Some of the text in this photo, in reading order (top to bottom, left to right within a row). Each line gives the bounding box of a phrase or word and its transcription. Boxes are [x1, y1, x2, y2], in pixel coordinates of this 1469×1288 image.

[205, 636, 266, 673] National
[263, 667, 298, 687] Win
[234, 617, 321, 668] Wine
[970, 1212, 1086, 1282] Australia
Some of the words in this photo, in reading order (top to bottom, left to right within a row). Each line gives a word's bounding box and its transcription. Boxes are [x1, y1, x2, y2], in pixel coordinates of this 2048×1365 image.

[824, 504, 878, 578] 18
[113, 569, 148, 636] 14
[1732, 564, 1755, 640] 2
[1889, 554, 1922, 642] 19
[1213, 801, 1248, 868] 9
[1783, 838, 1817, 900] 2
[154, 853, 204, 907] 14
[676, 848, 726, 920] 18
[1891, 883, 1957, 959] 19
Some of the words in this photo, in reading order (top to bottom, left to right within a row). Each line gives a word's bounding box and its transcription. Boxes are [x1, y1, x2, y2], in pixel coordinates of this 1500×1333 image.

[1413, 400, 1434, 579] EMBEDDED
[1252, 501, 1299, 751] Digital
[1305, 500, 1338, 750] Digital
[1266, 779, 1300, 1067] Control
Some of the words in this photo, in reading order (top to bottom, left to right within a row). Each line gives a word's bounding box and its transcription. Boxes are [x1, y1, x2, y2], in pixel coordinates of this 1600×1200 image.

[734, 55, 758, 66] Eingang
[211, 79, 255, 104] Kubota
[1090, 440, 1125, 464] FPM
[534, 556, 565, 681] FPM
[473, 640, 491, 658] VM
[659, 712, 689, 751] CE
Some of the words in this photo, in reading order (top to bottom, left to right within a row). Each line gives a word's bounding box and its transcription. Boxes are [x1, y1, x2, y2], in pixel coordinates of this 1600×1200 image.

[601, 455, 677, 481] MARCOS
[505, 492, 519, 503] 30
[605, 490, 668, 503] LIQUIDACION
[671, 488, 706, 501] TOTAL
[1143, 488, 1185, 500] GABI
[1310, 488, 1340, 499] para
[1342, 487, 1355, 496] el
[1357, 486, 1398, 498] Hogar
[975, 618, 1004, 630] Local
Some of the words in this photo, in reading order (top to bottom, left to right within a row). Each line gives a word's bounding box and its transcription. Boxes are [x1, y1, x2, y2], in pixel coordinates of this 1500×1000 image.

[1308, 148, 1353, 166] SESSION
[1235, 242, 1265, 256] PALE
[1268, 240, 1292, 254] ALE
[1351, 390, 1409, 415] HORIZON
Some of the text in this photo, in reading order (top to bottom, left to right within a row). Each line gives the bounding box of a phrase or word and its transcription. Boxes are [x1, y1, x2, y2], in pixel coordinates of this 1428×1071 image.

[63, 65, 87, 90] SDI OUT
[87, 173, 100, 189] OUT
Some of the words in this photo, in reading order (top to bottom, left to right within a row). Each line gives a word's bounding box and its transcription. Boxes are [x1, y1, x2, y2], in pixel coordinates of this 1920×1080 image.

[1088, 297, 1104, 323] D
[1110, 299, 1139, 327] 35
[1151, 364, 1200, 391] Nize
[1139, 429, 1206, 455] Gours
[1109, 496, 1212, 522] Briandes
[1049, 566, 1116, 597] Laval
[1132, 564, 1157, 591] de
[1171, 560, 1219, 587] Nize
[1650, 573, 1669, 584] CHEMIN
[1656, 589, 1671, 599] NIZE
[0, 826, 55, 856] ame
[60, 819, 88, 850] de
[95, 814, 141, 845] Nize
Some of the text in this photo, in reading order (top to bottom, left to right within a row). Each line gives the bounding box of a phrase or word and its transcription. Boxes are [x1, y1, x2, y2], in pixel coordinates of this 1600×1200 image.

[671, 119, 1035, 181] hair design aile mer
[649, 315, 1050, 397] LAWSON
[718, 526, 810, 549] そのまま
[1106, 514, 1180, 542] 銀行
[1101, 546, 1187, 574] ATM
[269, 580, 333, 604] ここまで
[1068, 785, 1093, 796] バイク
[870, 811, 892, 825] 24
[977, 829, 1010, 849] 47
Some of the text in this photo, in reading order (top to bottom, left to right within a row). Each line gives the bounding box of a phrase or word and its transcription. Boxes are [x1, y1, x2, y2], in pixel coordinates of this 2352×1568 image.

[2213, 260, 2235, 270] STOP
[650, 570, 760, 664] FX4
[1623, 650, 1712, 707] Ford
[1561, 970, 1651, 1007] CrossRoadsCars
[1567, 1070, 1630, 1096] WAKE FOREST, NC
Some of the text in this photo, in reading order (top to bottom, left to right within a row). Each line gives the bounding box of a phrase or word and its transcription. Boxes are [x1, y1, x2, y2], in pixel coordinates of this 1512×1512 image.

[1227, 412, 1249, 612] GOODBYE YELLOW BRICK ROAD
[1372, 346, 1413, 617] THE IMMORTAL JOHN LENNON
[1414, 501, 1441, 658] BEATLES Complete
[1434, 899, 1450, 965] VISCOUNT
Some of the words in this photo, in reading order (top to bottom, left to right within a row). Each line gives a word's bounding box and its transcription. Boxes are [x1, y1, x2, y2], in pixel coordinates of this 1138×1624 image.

────────────────────────────────────────

PROBLEM DESCRIPTION:
All of the material above is to be retyped word for word.

ANSWER AREA:
Some of the text in this photo, in reading order (top to bottom, left to right within a row). Each line gives the bounding box of a phrase or word and its transcription. Boxes are [x1, y1, x2, y2], in pixel coordinates of this 1469×1288 image.

[205, 636, 266, 673] National
[263, 667, 298, 687] Win
[234, 617, 321, 668] Wine
[970, 1212, 1086, 1282] Australia
Some of the words in this photo, in reading order (top to bottom, left to right within a row). Each line gives a word's bounding box and its transcription. Boxes are [x1, y1, x2, y2], in pixel coordinates of this 2048×1365 image.

[824, 504, 878, 578] 18
[113, 569, 148, 636] 14
[1732, 564, 1755, 640] 2
[1889, 554, 1922, 642] 19
[1213, 801, 1248, 868] 9
[1783, 838, 1817, 900] 2
[154, 853, 204, 907] 14
[676, 848, 726, 920] 18
[1891, 883, 1957, 959] 19
Some of the words in this photo, in reading order (top to bottom, left to right within a row). Each line gives a word's bounding box and its transcription. Boxes are [x1, y1, x2, y2], in pixel coordinates of this 1500×1333 image.

[1413, 400, 1434, 579] EMBEDDED
[1252, 501, 1299, 751] Digital
[1305, 500, 1338, 750] Digital
[1266, 779, 1300, 1067] Control
Some of the words in this photo, in reading order (top to bottom, left to right within a row). Each line gives a word's bounding box and its transcription. Boxes are [x1, y1, x2, y2], in pixel coordinates of this 1600×1200 image.

[734, 55, 758, 66] Eingang
[211, 79, 255, 104] Kubota
[1090, 440, 1125, 464] FPM
[534, 556, 565, 681] FPM
[473, 640, 491, 658] VM
[659, 712, 689, 751] CE
Some of the words in this photo, in reading order (top to bottom, left to right within a row). Each line gives a word's bounding box and its transcription. Boxes are [x1, y1, x2, y2], in pixel coordinates of this 1600×1200 image.

[601, 455, 677, 481] MARCOS
[505, 492, 519, 503] 30
[605, 490, 668, 503] LIQUIDACION
[671, 488, 706, 501] TOTAL
[1143, 488, 1185, 500] GABI
[1310, 488, 1340, 499] para
[1342, 487, 1355, 496] el
[1357, 486, 1398, 498] Hogar
[975, 618, 1004, 630] Local
Some of the words in this photo, in reading order (top to bottom, left to right within a row). Each line gives a word's bounding box and its transcription. Boxes are [x1, y1, x2, y2], in pixel coordinates of this 1500×1000 image.

[1308, 148, 1353, 166] SESSION
[1235, 242, 1265, 256] PALE
[1268, 240, 1292, 254] ALE
[1351, 390, 1409, 415] HORIZON
Some of the text in this photo, in reading order (top to bottom, left to right within a row). Each line gives the bounding box of a phrase or word and its transcription. Boxes are [x1, y1, x2, y2], in pixel coordinates of this 1428×1071 image.

[63, 65, 87, 90] SDI OUT
[87, 173, 100, 189] OUT
Some of the words in this photo, in reading order (top to bottom, left to right within a row). Each line gives a word's bounding box and its transcription. Boxes are [x1, y1, x2, y2], in pixel coordinates of this 1920×1080 image.

[1088, 297, 1104, 323] D
[1110, 299, 1139, 327] 35
[1151, 364, 1200, 391] Nize
[1139, 429, 1206, 455] Gours
[1109, 496, 1212, 522] Briandes
[1049, 566, 1116, 597] Laval
[1132, 564, 1157, 591] de
[1171, 560, 1219, 587] Nize
[1650, 573, 1669, 584] CHEMIN
[1656, 589, 1671, 599] NIZE
[0, 826, 55, 856] ame
[60, 819, 88, 850] de
[95, 814, 141, 845] Nize
Some of the text in this photo, in reading order (top to bottom, left to right within a row). Each line gives the bounding box of a phrase or word and its transcription. Boxes are [x1, y1, x2, y2], in pixel coordinates of this 1600×1200 image.

[671, 119, 1035, 181] hair design aile mer
[649, 315, 1050, 397] LAWSON
[718, 526, 810, 549] そのまま
[1106, 514, 1180, 542] 銀行
[1101, 546, 1187, 574] ATM
[269, 580, 333, 604] ここまで
[1068, 785, 1093, 796] バイク
[870, 811, 892, 825] 24
[977, 829, 1010, 849] 47
Some of the text in this photo, in reading order (top to bottom, left to right within a row). Each line gives the bounding box of a phrase or word and its transcription. Boxes are [x1, y1, x2, y2], in pixel coordinates of this 2352×1568 image.

[2213, 260, 2235, 270] STOP
[650, 570, 760, 664] FX4
[1623, 650, 1712, 707] Ford
[1561, 970, 1651, 1007] CrossRoadsCars
[1567, 1070, 1630, 1096] WAKE FOREST, NC
Some of the text in this photo, in reading order (top to bottom, left to right within a row). Each line gives the bounding box of a phrase or word and its transcription. Boxes are [x1, y1, x2, y2], in pixel coordinates of this 1512×1512 image.

[1227, 412, 1249, 612] GOODBYE YELLOW BRICK ROAD
[1372, 346, 1413, 617] THE IMMORTAL JOHN LENNON
[1414, 501, 1441, 658] BEATLES Complete
[1434, 899, 1450, 965] VISCOUNT
Some of the words in this photo, in reading order (top to bottom, left to right within a row). Each line gives a word's bounding box and its transcription. Boxes are [x1, y1, x2, y2], in pixel coordinates of this 1138×1624 image.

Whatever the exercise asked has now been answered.